Николай Тургенев обратился к брату по-французски:
— Как не противиться таким помещикам уничтожению рабства? Что такое Разумовский? Я часто вижу эту глупую и безобразную образину на набережной и на бульваре: гуляет, ходит, чтобы с большею жадностью есть и лучше спать. В других государствах эти тунеядцы коптят небо без непосредственного вреда ближним — здесь они угнетают их, чтобы, чтобы… черт знает на что и для чего и в особенности почему. А этот Альбрехт, с пребольшим пузом, играет ежедневно в карты, в клобе, и фигура его цветет глупостию, скотским бесчувствием, эгоизмом!
Расплатились с извозчиком. Вошли к себе. Встретили Лунина и Чаадаева, расположившихся без хозяев. Лунин, молодой, блестящий, только что приехавший из Парижа, Чаадаев с оголившимся черепом и живыми, необычайно блестящими глазами, очевидно, беседовали уже долго и на Тургеневых посмотрели словно на какую-то помеху для разговора. Здоровались, приветствовали друг друга.
— Сенаторы! — кричал Лунин. — Прямо сенаторы! А я слышал, что сенаторская порода вымирает. Друзья, не миновать вам завести сенаторский завод — pour perpetuer la race [Для того чтобы увековечить эту породу (франц.)].
— Перестань, Лунин, — говорил Чаадаев. — Хоть к этим-то не приставай — они не нынче-завтра поскользнутся на дворцовом паркете. Сенаторами им не быть.
Раздался звонок. Старуха Егоровна доложила, что пришли господин Муравьев, господин Яков Николаевич Толстой, господин Всеволожский и Пестель.
— Как это вы сошлись у двери? — спросил Александр Иванович.
— Вопрос негостеприимный, — ответил Всеволожский.
— Почему негостеприимный? — возразил Александр Иванович. — Напротив, я страшно рад видеть Павла Ивановича и…
— А нас он не рад видеть, — сказал Яков Толстой.
— Да нет, всех рад видеть. Придется иметь большой разговор о деле.
Яков Толстой подошел к Чаадаеву.
— Какие вести от Пушкина? — спросил он.
— Пишет редко, — ответил Чаадаев, — но написал кучу прелестей.
— Это вам он писал? — спросил Яков Толстой:
Товарищ, верь, взойдет она,
Заря пленительного счастья,
Россия вспрянет ото сна,
И на обломках самовластья
Напишут наши имена!
— Да, мне, — ответил Чаадаев. — А что?
— Мне он написал другое, — ответил Яков Толстой:
Поверь, мой друг, она придет,
Пора унылых сожалений,
Холодной истины забот
И бесполезных размышлений.
— Меня это не удивляет, — сказал Чаадаев, — у Пушкина зоркий глаз, я ему верю: разным людям — разная судьба.
Подошел Лунин.
— Ну, так что это за случай в Семеновском полку? — спросил он, продолжая разговор.
— Да, я не кончил, — сказал Чаадаев. — Ведь командир полка Шварц — это совершенная скотина.

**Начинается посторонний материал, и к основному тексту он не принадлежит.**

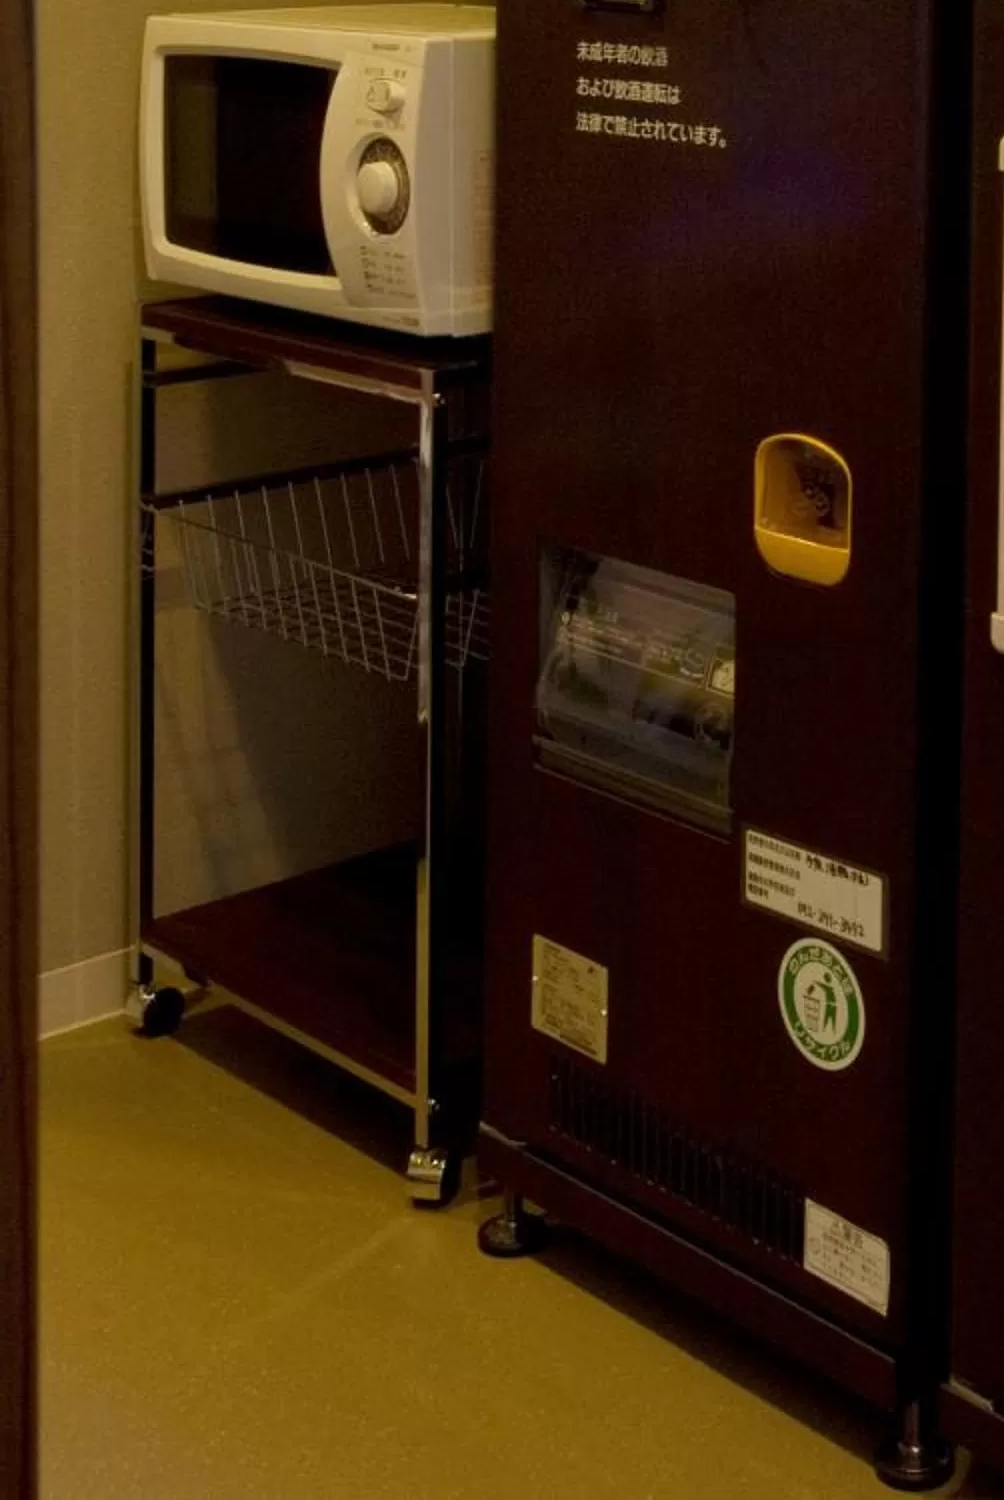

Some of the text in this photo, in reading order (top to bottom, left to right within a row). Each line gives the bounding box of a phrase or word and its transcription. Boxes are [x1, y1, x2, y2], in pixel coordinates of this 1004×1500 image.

Из-за его самодурства самый грамотный, самый скромный и, сказал бы я, самый гражданственный полк сейчас раскассирован.
— Правда ли, что там была читка запрещенных книг с офицерами? — спросил Яков Толстой.
— Не думаю, — сказал Чаадаев. — В солдатской лавочке, правда, продавали книги. Дело, конечно, в том, что Аракчееву не нравился товарищеский дух полка, тесная дружба с офицерством; на фоне событий в Неаполе и Пьемонте полк показался ему неблагонадежным. Они нарочно провокатировали движение возмущения, вместо внесения спокойствия. А когда первую роту посадили в крепость, то весь полк отказался выходить из казарм до полного воссоединения с первой ротой. Солдат, голодных и измученных, отвезли в Финляндию и заключили в Свеаборгскую крепость.
Лунин покачал головой.
— Это уж серьезно, друзья.
— Да, — сказал Николай Тургенев. — Дисциплина имеет свои пределы, так как права природы и рассудок имеют свое необходимое пространство. Хоть семеновское дело прошедшее, а все-таки не могу без содрогания вспомнить тот день, восемнадцатого октября двадцатого года, когда поутру полк проходил по Фонтанке. Я еще не знал, в чем дело, и спрашивал: «Куда?» — «В крепость», — отвечали солдаты. — «Зачем?» — «Под арест». — «За что?» — «За Шварца». Тысячи людей, исполненных благородства, погибли за человека, которого человечество отвергло.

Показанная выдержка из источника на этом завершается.